--- START ---

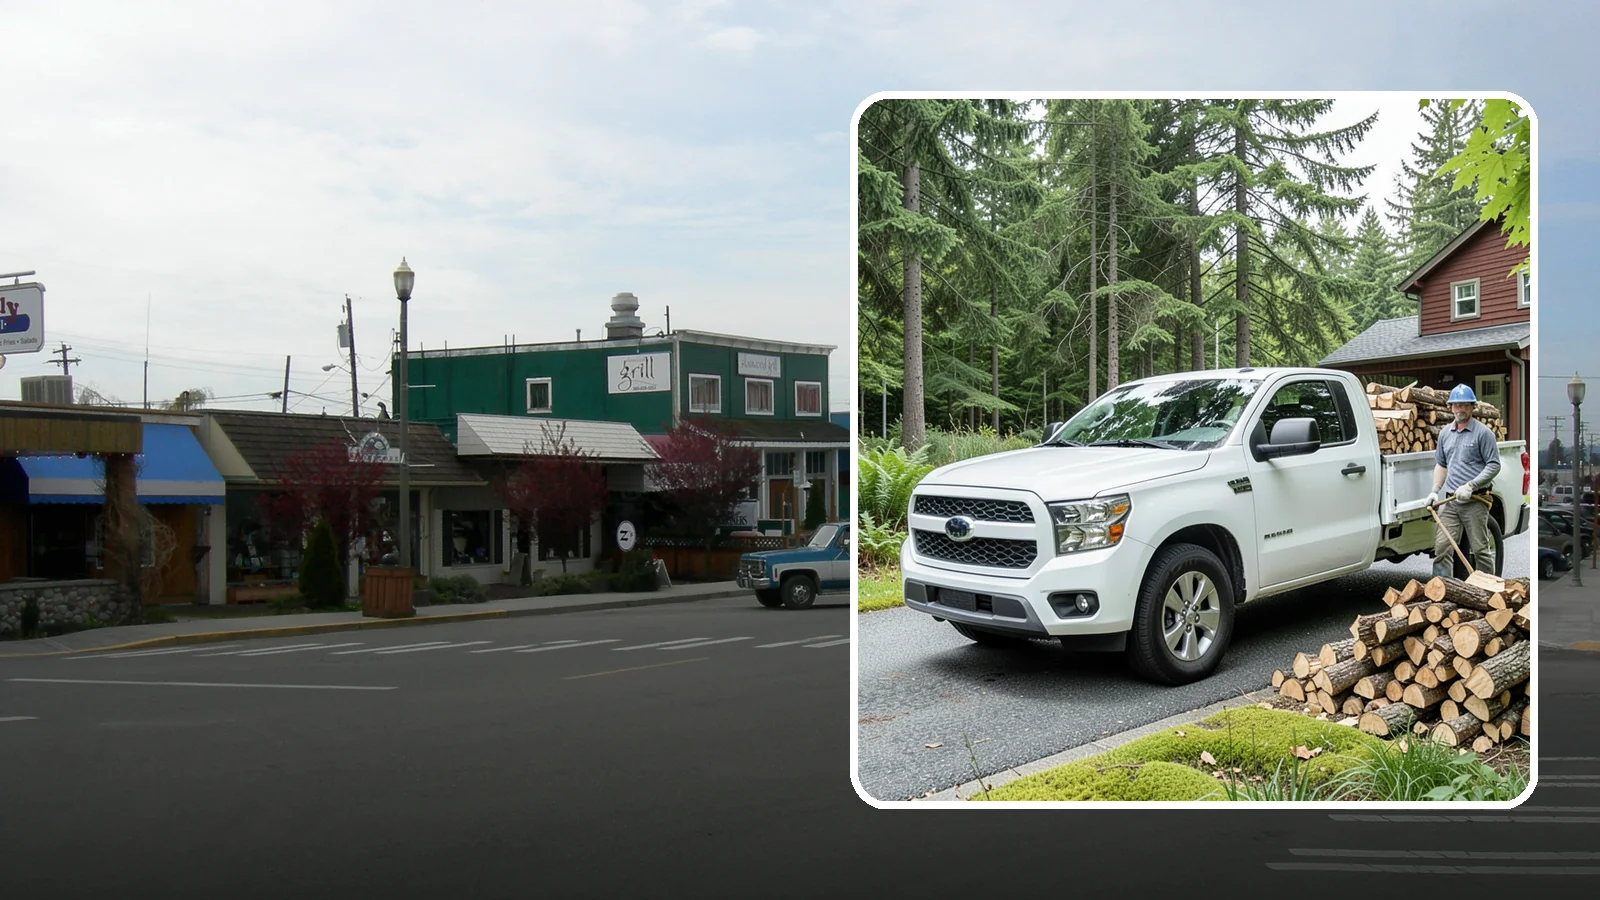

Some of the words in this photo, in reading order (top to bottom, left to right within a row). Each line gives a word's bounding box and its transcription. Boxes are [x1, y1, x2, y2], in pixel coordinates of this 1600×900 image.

[3, 338, 16, 346] Fries
[20, 337, 38, 345] Salads
[618, 355, 655, 391] grill
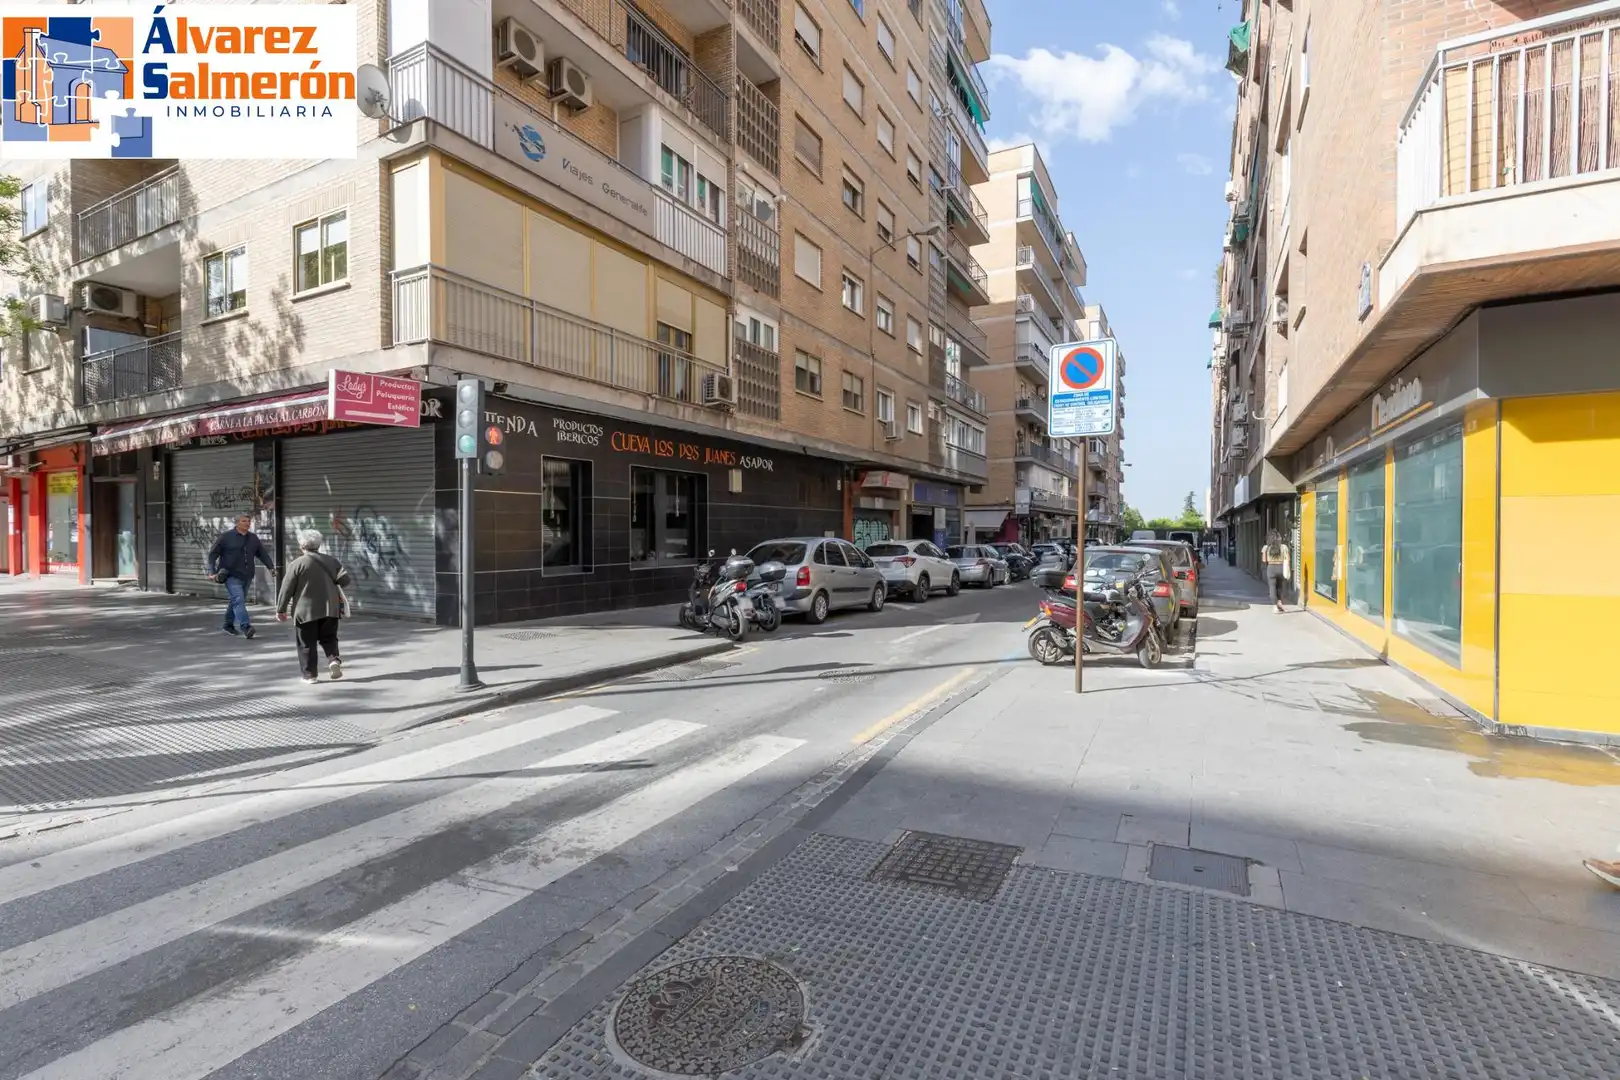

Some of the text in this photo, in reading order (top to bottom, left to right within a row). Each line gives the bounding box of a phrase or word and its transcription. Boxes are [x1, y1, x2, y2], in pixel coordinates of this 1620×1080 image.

[562, 158, 648, 216] Viajes Generalife
[380, 379, 416, 391] Productos
[484, 411, 538, 437] TIENDA
[553, 418, 604, 436] PRODUCTOS
[557, 431, 599, 446] IBERICOS
[611, 432, 773, 471] CUEVA LOS DOS JUANES ASADOR
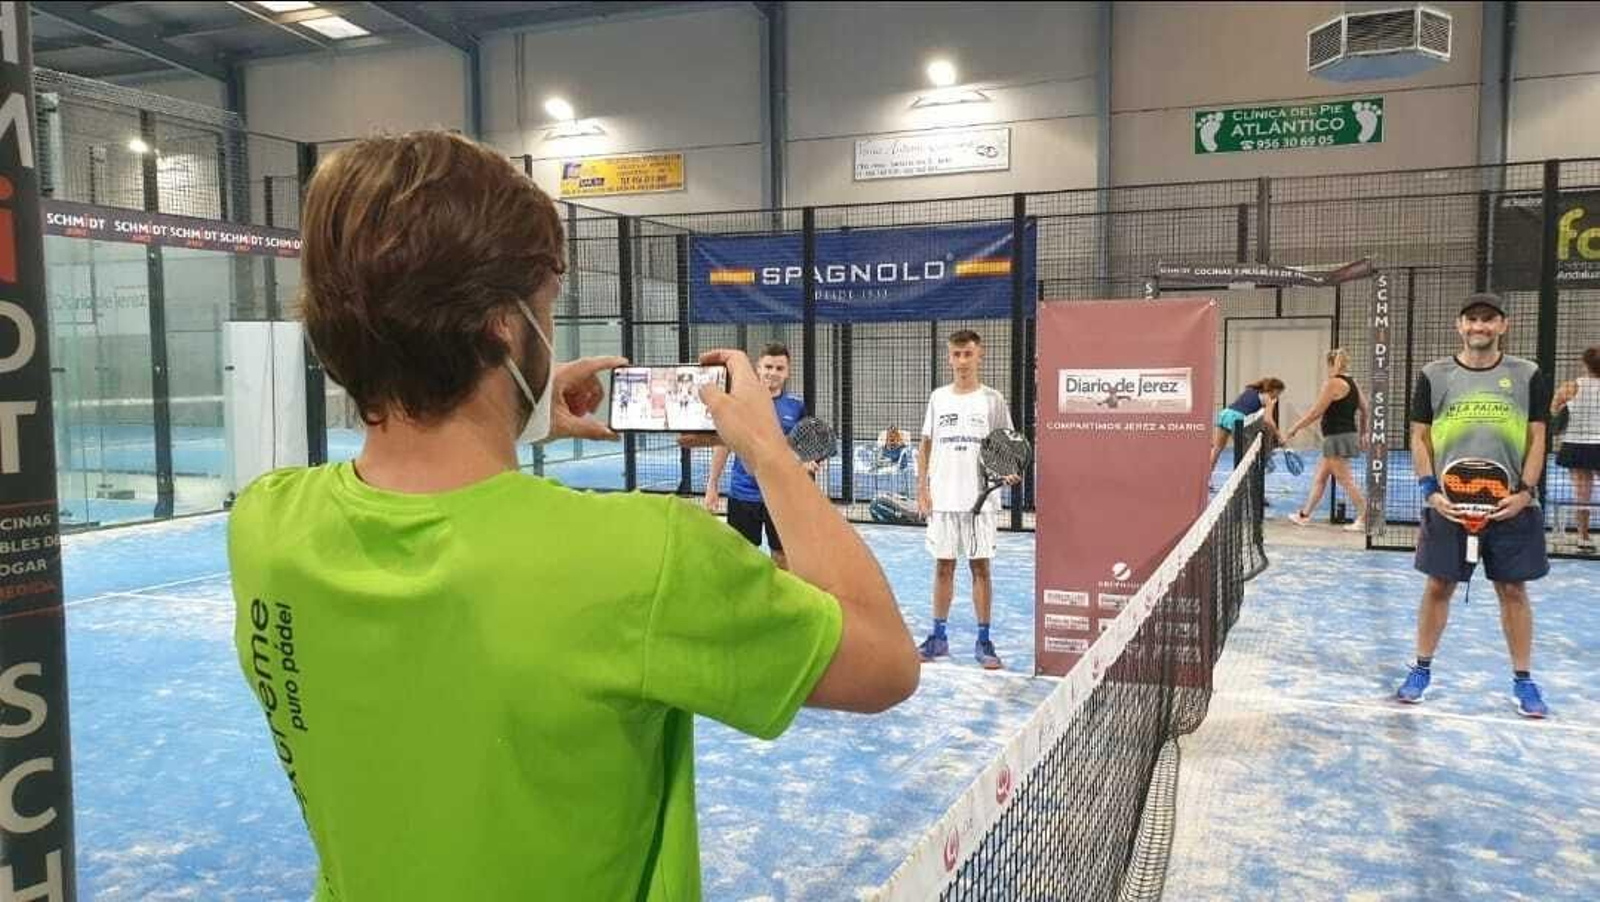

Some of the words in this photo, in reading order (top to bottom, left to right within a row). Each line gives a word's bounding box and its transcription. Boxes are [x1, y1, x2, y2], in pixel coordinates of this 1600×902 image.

[1291, 107, 1317, 117] DEL
[1231, 117, 1345, 137] ATLÁNTICO
[1257, 139, 1279, 150] 956
[1318, 135, 1334, 145] 05
[1066, 377, 1111, 393] Diario
[1115, 378, 1135, 393] de
[1138, 378, 1178, 397] Jerez
[1047, 422, 1121, 431] COMPARTIMOS
[1124, 422, 1155, 431] JEREZ
[1168, 422, 1205, 431] DIARIO
[273, 602, 299, 673] pádel
[285, 680, 308, 731] puro
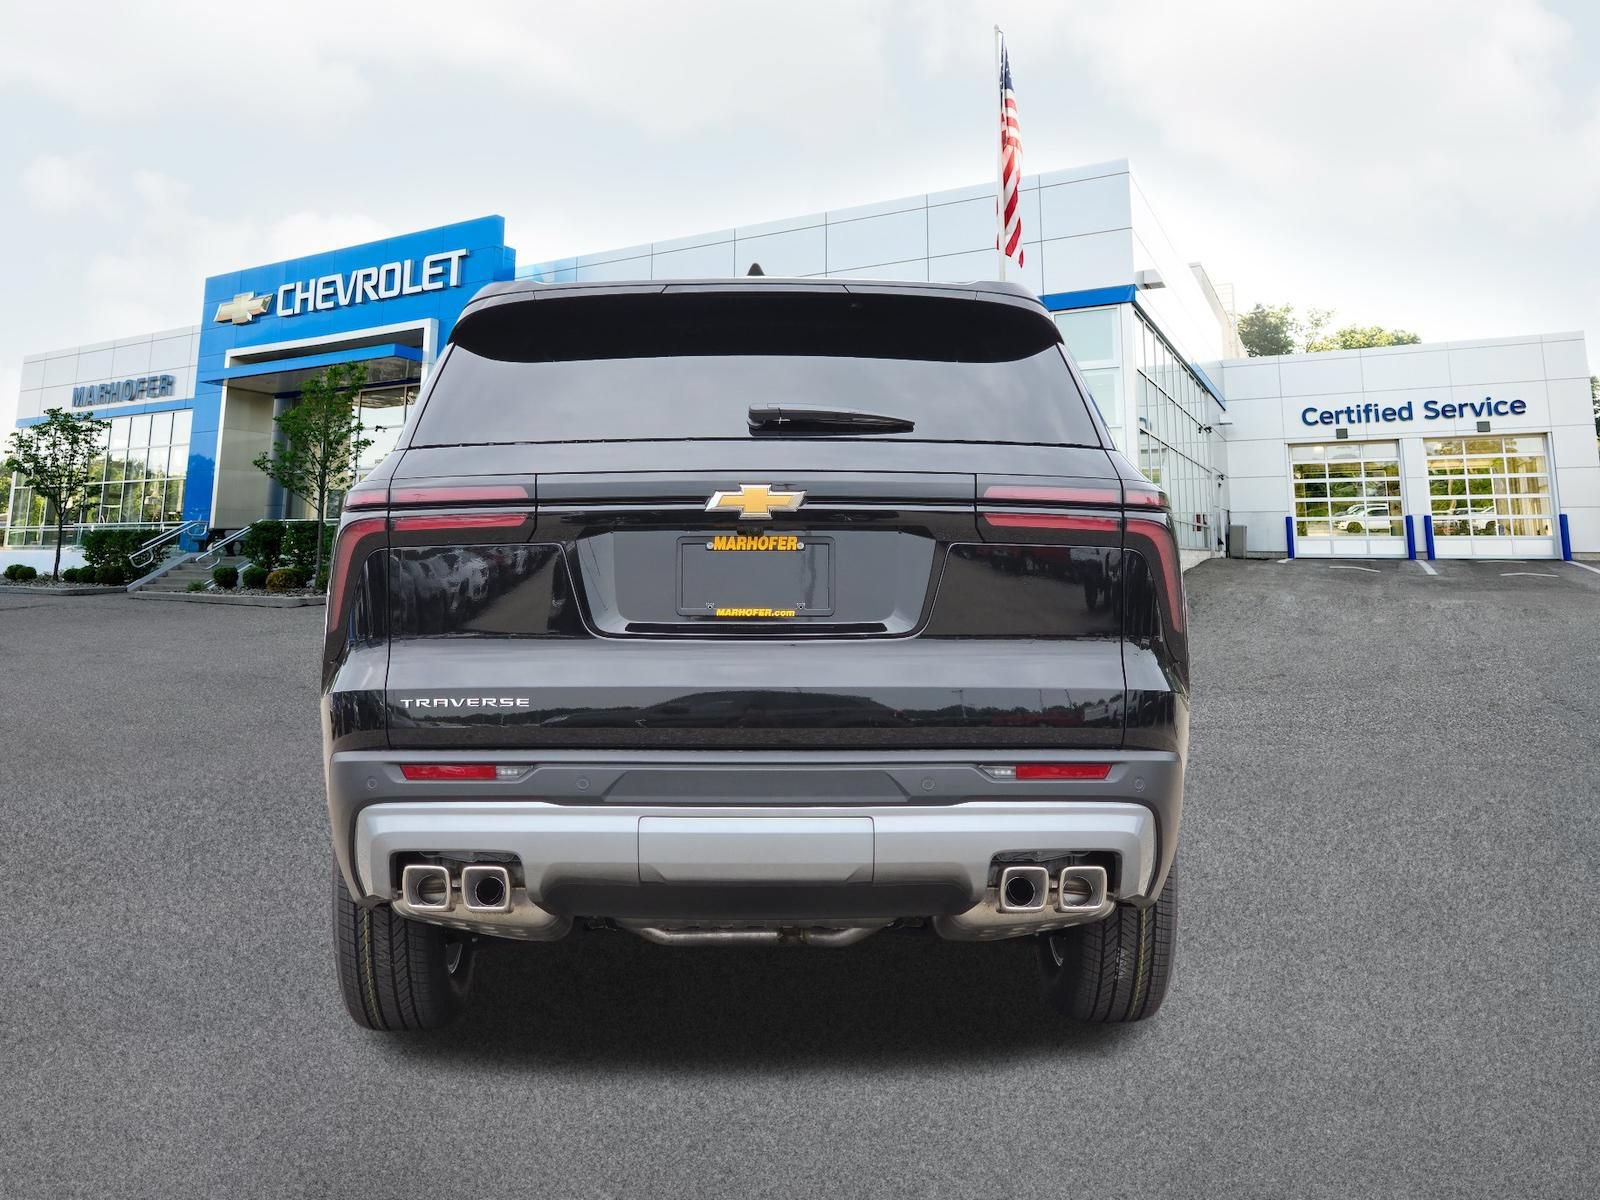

--- END ---

Activity:
Pictures are to be left out; all else in the entries above is to be quoted exactly.

Result:
Some of the words in this photo, in reading order (top to bottom, left to right within a row). Each line gives a word's bounding box and its transcription. Boxes are [x1, y1, x2, y2], in pixel coordinates of this 1600×900 image.

[3, 338, 16, 346] Fries
[20, 337, 38, 345] Salads
[618, 355, 655, 391] grill

Some of the text in this photo, in reading order (top to bottom, left to right within a row). Each line gives the bounding box of a phrase or word and its transcription. Boxes are [x1, y1, x2, y2], in pixel coordinates of this 1620×1080 image.

[562, 158, 648, 216] Viajes Generalife
[380, 379, 416, 391] Productos
[484, 411, 538, 437] TIENDA
[553, 418, 604, 436] PRODUCTOS
[557, 431, 599, 446] IBERICOS
[611, 432, 773, 471] CUEVA LOS DOS JUANES ASADOR

Some of the words in this photo, in reading order (top to bottom, left to right within a row). Each line gives a word's bounding box and its transcription. Boxes are [x1, y1, x2, y2], in pixel coordinates of this 1600×902 image.

[1291, 107, 1317, 117] DEL
[1231, 117, 1345, 137] ATLÁNTICO
[1257, 139, 1279, 150] 956
[1318, 135, 1334, 145] 05
[1066, 377, 1111, 393] Diario
[1115, 378, 1135, 393] de
[1138, 378, 1178, 397] Jerez
[1047, 422, 1121, 431] COMPARTIMOS
[1124, 422, 1155, 431] JEREZ
[1168, 422, 1205, 431] DIARIO
[273, 602, 299, 673] pádel
[285, 680, 308, 731] puro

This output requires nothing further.